#### [The problem]
A verbatim copy of the line containing "this 1280×1280 image." and all lines after it, up to and including the final line of the records, is the only acceptable output.

#### [Dataset entries]
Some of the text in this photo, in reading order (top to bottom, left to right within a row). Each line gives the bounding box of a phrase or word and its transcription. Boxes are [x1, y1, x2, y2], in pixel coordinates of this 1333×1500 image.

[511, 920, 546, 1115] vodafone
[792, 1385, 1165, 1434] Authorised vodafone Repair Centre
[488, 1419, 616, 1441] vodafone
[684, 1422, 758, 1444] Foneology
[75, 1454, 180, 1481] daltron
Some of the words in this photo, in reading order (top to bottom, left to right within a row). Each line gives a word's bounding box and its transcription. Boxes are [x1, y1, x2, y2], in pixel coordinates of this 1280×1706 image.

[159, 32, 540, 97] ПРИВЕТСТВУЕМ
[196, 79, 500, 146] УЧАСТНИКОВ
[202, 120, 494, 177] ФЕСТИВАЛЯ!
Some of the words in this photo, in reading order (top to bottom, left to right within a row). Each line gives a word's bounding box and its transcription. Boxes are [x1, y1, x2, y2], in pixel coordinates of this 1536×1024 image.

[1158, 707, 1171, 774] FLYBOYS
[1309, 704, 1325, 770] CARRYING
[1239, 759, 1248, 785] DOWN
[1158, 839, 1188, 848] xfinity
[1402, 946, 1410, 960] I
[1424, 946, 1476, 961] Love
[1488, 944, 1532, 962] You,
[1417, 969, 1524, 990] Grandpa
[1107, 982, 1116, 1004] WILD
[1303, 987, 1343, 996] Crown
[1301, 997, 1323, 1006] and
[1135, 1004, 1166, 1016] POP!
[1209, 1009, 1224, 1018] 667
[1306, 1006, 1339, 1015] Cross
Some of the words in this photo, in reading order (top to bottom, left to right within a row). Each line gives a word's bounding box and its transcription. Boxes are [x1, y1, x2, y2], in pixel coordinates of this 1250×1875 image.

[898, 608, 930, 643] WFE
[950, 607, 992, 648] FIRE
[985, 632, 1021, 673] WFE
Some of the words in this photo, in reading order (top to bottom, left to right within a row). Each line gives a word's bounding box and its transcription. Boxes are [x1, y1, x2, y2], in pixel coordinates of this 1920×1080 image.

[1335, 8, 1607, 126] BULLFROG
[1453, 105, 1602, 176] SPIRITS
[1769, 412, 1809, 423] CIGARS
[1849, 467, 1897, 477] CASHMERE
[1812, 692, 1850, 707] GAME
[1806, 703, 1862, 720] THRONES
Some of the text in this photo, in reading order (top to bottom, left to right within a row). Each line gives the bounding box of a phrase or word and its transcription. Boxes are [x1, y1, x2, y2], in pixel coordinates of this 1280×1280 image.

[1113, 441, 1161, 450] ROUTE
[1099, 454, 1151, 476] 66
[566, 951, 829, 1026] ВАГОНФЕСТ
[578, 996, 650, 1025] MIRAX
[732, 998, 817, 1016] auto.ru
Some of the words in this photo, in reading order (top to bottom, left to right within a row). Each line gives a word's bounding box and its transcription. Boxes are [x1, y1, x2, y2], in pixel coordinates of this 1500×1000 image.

#### [Exercise solution]
Some of the text in this photo, in reading order (top to bottom, left to right within a row). Each line gives the bounding box of a phrase or word and its transcription. Boxes are [x1, y1, x2, y2], in pixel coordinates of this 1280×1280 image.

[1113, 441, 1161, 450] ROUTE
[1099, 454, 1151, 476] 66
[566, 951, 829, 1026] ВАГОНФЕСТ
[578, 996, 650, 1025] MIRAX
[732, 998, 817, 1016] auto.ru
Some of the words in this photo, in reading order (top to bottom, left to right within a row). Each line gives a word's bounding box and its transcription. Boxes are [x1, y1, x2, y2], in pixel coordinates of this 1500×1000 image.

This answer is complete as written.